Long COVID Awareness Day

It's International Long COVID Awareness Day on March 15. Our Community Manager, Maddy, shares some of her experiences of living with Long COVID.

Long COVID Awareness Day

It’s been over 5 years since the COVID-19 pandemic began. All over the world, people were so desperate for life to go back to “normal” that they decided the pandemic was over and the COVID-19 virus was the same as the flu, despite all evidence pointing to the contrary. Some prefer to pretend like the ongoing tragedy never happened, locking their trauma and grief deep inside them, and casting aside their fear.

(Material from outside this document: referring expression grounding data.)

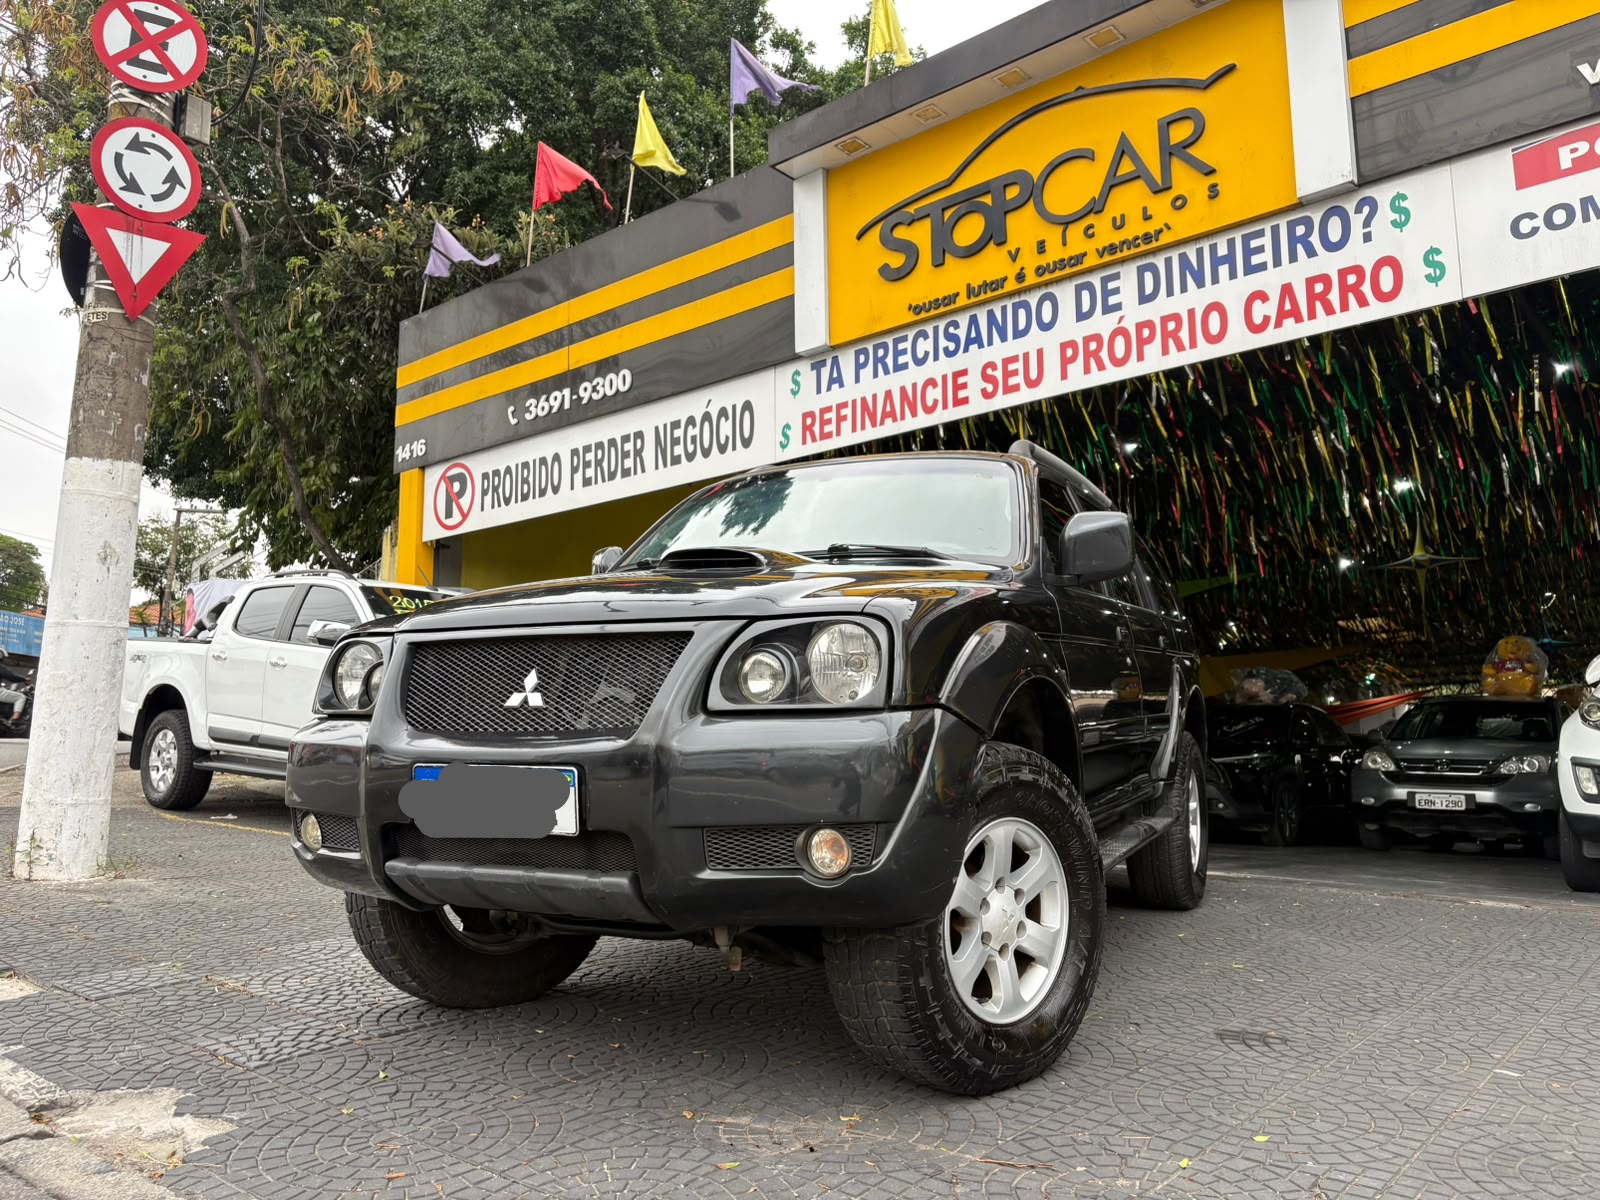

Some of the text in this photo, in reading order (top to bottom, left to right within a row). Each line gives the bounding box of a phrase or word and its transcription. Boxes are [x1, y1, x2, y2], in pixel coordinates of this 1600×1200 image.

[1558, 134, 1600, 171] P
[1007, 182, 1220, 263] VEÍCULOS
[810, 355, 845, 395] TA
[854, 291, 1059, 385] PRECISANDO
[1074, 270, 1124, 323] DE
[1136, 195, 1380, 306] DINHEIRO?
[966, 273, 1008, 298] lutar
[1014, 266, 1026, 284] é
[1034, 250, 1088, 278] ousar
[801, 367, 970, 446] REFINANCIE
[979, 347, 1045, 401] SEU
[1059, 301, 1229, 382] PRÓPRIO
[1243, 255, 1404, 335] CARRO
[524, 368, 633, 421] 3691-9300
[395, 438, 427, 463] 1416
[480, 398, 755, 512] PROIBIDO PERDER NEGÓCIO

But not everyone has the luxury of pretence. Some people cannot so easily act as though COVID-19 is over, because it’s still wrecking havoc inside their bodies.

Long COVID is a multi-systemic disease that follows a COVID-19 infection. It’s a debilitating post-viral illness that affects everyone differently and has over 200 symptoms. There is no cure or treatment. Cisgender women and other people assigned female at birth are far more likely to get Long COVID and like many other chronic illnesses that disproportionately affect this population, research into Long COVID has been consistently underfunded.

When I got COVID-19 three years ago, I became very unwell very quickly. Even struggling to breathe and in a feverish state, I had the sense that it was going to change everything for me.

Now I was hardly the picture of good health beforehand, I’d been living with Myalgic Encephalomyelitis/Chronic Fatigue Syndrome (ME/CFS) since I was a teenager and had only recently been diagnosed with Fibromyalgia and Raynaud's syndrome.

I was one of those people with pre-existing conditions. I was part of the group that public health officials stated would “fall by the wayside” and remarked that it was “encouraging news” that COVID-19 only predominantly kills us.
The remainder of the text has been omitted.